How often do FFT-G therapists meet (via phone conference) with an FFT-G national consultant?
The FFT-G national consultant will talk to the therapists weekly via phone. This call typically occurs at the same time each week. Consultation includes general topics, such as issues around documentation or caseloads, and moves into being more clinical, utilizing the FFT model of supervision and staffing of cases. The weekly call is considered a requirement for site certification, so attendance is mandatory.
Can staff work part-time in FFT-G and part-time in another service/model as long as they are adherent to FFT-G in their capacity as an FFT-G therapist?
Given the high-risk nature of the target population and work within the community with stakeholders, priority should be given to the FFT-G work the therapist is doing. FFT works with providers through application processes to determine with other non-activities are advisable in a project.
For youth coming out of residential care, can an FFT-G therapist begin working with the family/client in the weeks immediately preceding residential discharge?
FFT-G works in different ways with this population. FFT-G can begin when discharge is imminent and sessions can be held with the identified client and family in the facility or during the youth’s home visit, or FFT-G can occur as a recommended service at discharge.
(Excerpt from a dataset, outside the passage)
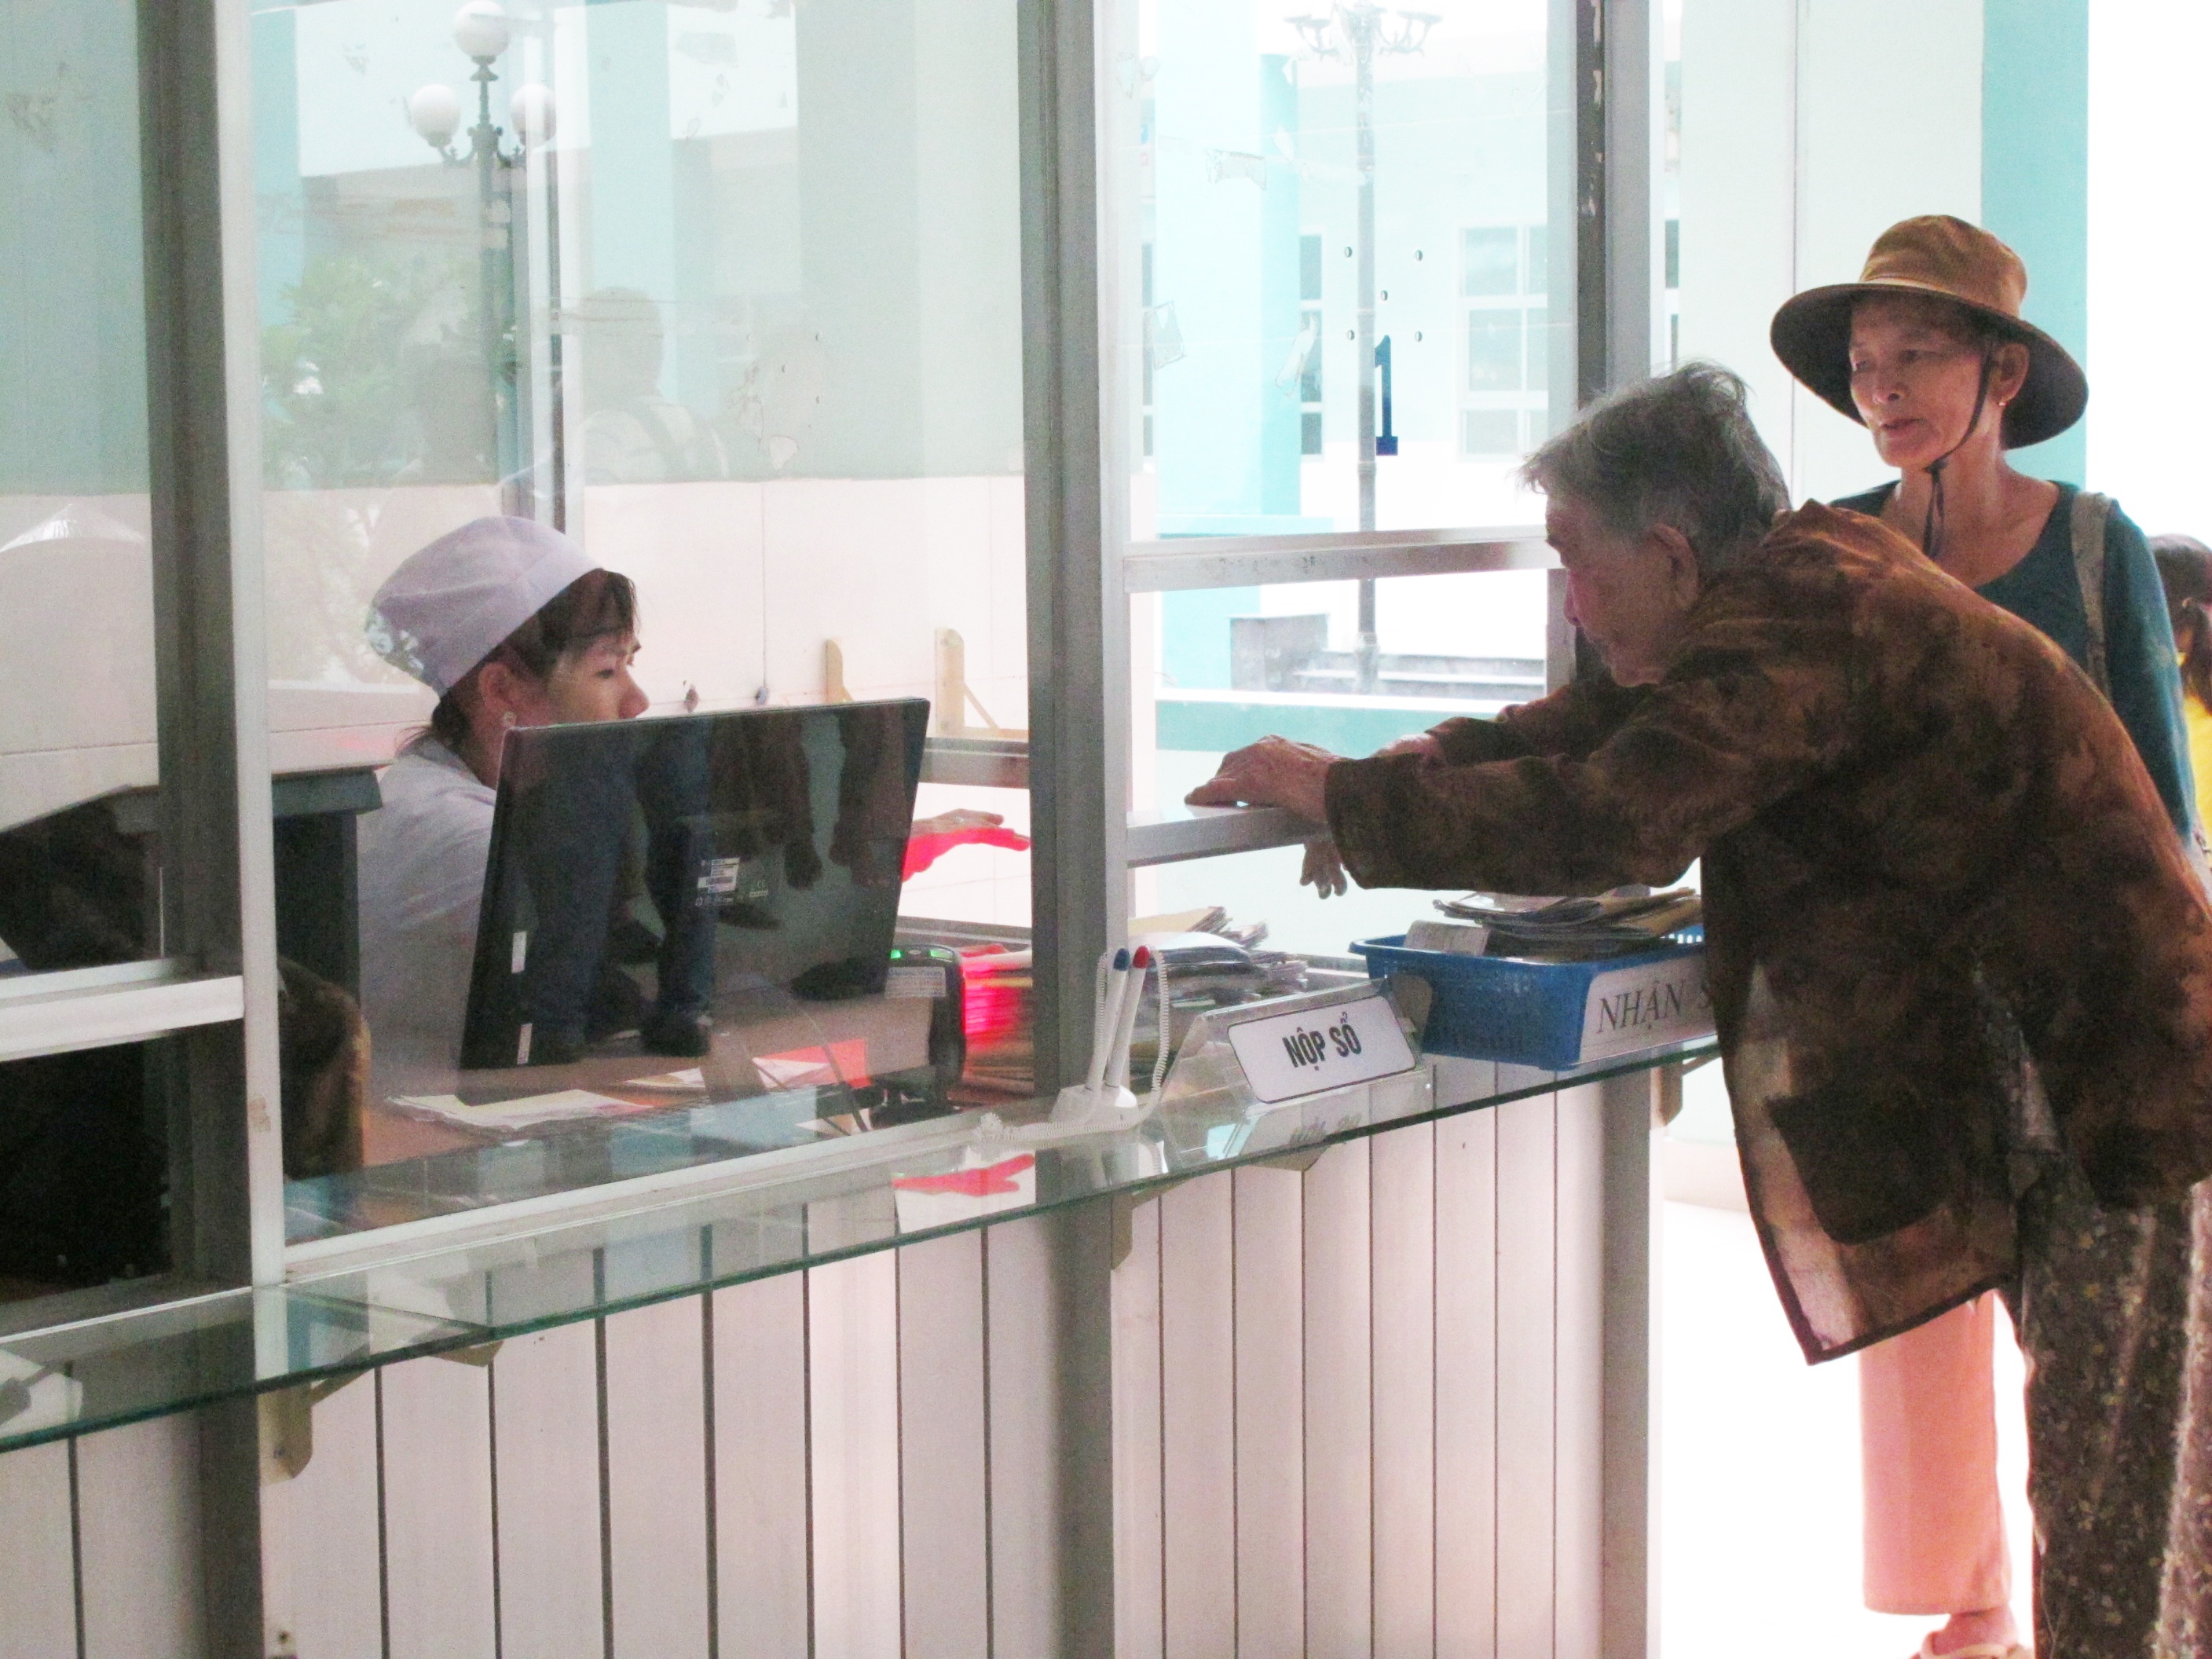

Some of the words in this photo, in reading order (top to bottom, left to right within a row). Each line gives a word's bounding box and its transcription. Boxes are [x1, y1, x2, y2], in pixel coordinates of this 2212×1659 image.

[1375, 335, 1398, 456] 1
[1596, 980, 1685, 1034] NHẬN
[1282, 1026, 1326, 1071] NỘP
[1328, 1011, 1362, 1057] SỔ
The FFT-G therapist can begin engaging the family and youth prior to discharge and start FFT-G immediately once the youth is home. Different potential re-entry models can be explored directly with FFT-G during the application process.
Is a psychiatrist part of the FFT-G team? Are they ever contracted in?
FFT-G has trained psychologists, psychiatrists, nurses, and even teachers. Psychiatrists in some states are required to provide medical necessities for a client and will refer to FFT-G if appropriate. It is essential that the psychiatrist in this role understands the structure of the model. Some psychiatrists fulfill an administrative or clinical role while most of the time they are used for consultation with the family around issues such as medication management. Though the costs can be high, in some cases, psychiatrists have been integrated into FFT-G training and case consultation.